Mitchell reflects loss of innocence

by Cheryl Gersch
Daily Cougar
January 27, 1976

Rock-and-Roll’s leading lady, Joni Mitchell, performed to a near-capacity audience in the Coliseum Thursday night, reflecting a loss of innocence as she led her back-up band, the L.A. Express, through her traditional confessional ballads and material from her latest album, The Hissing of Summer Lawns.

Although Mitchell sang smoothly and played guitar with precision, much of her warmth and sparkling personality seemed to have gotten lost somewhere on the tour. Mitchell appeared onstage cluttered with jewelry and makeup, wearing a black sequined blouse and black trousers.

Without any introduction or even a hello, she began her set with “Help Me,”"For Love of Money,”and “Free Man in Paris.”She slowed the pace a bit on “For the Roses" and her voice began to resound in a mellow style. As Mitchell began to slow down, the audience began to get restless. She squeezed a “ssshhhhhhhhh” into the lines of “Cold Blue Steel and Sweet Fire,”strumming hard, and flashed her eyes harshly at the disrespectful audience. Taking to the piano, Mitchell sang “Shades of Scarlet Conquering” and “The Boho Dance,” two songs from her latest album. Both poems describe the woman in search of cinematic romance. In “Scarlet,” the woman becomes a slave to “sweeping ballroom gowns” and “blood-red fingernails,” hopeful that these superficialities will fill all her needs.

In “The Boho Dance,” the Woman is once again “Looking for some sweet inspiration,” but she deals with her search realistically. She recognizes her desire for romantic innuendos but does not cloud her needs with false ideals (“Not mine these glamour gowns”) as does Scarlet.

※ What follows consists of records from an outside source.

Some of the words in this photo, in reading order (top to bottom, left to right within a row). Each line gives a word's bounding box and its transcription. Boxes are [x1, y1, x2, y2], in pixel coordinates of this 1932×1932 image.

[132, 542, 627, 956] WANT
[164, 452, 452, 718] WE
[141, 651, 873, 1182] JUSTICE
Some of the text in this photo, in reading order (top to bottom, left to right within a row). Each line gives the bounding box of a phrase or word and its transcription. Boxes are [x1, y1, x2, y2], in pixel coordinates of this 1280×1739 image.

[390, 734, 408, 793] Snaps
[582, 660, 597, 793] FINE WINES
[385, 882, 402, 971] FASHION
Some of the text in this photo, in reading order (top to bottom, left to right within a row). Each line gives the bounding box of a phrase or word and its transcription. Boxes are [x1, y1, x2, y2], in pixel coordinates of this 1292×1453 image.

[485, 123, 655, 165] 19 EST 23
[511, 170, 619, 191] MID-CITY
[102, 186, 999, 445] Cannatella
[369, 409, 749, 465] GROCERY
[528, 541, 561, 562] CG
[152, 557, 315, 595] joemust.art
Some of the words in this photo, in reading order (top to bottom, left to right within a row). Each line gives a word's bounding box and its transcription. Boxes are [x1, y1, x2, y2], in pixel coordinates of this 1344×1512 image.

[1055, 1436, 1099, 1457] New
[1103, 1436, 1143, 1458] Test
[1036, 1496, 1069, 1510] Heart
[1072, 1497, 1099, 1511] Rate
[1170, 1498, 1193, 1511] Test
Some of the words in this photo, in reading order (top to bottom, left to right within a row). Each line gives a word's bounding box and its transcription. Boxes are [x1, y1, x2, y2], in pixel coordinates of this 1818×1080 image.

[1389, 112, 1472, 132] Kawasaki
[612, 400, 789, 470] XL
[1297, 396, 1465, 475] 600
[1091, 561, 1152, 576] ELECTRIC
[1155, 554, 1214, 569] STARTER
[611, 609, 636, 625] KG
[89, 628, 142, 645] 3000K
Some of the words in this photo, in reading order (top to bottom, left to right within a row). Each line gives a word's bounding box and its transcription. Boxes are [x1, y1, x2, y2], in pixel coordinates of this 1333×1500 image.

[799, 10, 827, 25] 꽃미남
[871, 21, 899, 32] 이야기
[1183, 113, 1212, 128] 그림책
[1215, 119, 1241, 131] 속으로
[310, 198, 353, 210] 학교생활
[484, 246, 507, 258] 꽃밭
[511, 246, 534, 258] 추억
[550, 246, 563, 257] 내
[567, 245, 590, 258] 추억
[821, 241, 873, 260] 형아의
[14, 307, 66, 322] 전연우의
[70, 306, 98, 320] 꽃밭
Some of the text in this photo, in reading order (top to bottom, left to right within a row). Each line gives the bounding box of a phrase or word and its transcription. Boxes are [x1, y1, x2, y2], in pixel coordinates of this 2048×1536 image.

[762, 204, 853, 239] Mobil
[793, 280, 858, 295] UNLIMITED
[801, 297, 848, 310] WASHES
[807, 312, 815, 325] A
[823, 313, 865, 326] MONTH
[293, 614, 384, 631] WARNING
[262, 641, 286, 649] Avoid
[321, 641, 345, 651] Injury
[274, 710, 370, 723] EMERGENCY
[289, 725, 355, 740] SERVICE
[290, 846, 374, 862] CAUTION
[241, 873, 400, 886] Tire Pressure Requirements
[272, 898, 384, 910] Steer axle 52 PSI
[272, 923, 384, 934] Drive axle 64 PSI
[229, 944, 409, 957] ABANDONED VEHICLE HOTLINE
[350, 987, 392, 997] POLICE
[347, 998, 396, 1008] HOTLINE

Mitchell, like all shaded Scarlets, “Likes to have things her way.”She likes (demands) undivided attention from her audience and she was not getting it. By the time she finished “The Boho Dance,” the miniscule percentage of people moving about had so disturbed Mitchell that she was ready to have a fit. She got up from the piano and probed: "I guess you people want to boogie, don’t you? …Well we’re gonna cut out half the show.” After settling down a bit, Mitchell explained how difficult it is to sing softly with so much “turmoil"going on in the audience.

Mitchell regained her composure very quickly and a bit of innocence as the band returned to the stage and she sang a couple of new songs not yet released. Her free spirit came through as she sang about a hitcher, "you just picked up a hitcher - a prisoner of the white lines on the freeway” and the “eagles soar for those higher ideals.”

She rounded out the show with “Just Like This Train,” "In France They Kiss on Main Street,”"Rainy Night House,” and “Don't Interrupt the Sorrow.” Her voice was deep and drooling on “The Jungle Line,” haunted by Robin Ford’s synthesizer arrangement and John Guerin’s drumming.

Joni Mitchell concluded her performance by showing the crowd a little more of herself. In another new song, “Talk to Me,”she sings "I talked too much again, I talk too free.” Despite a seeming loss of innocence, Joni Mitchell knows herself. She continues to grow in her art and so do her demands of it.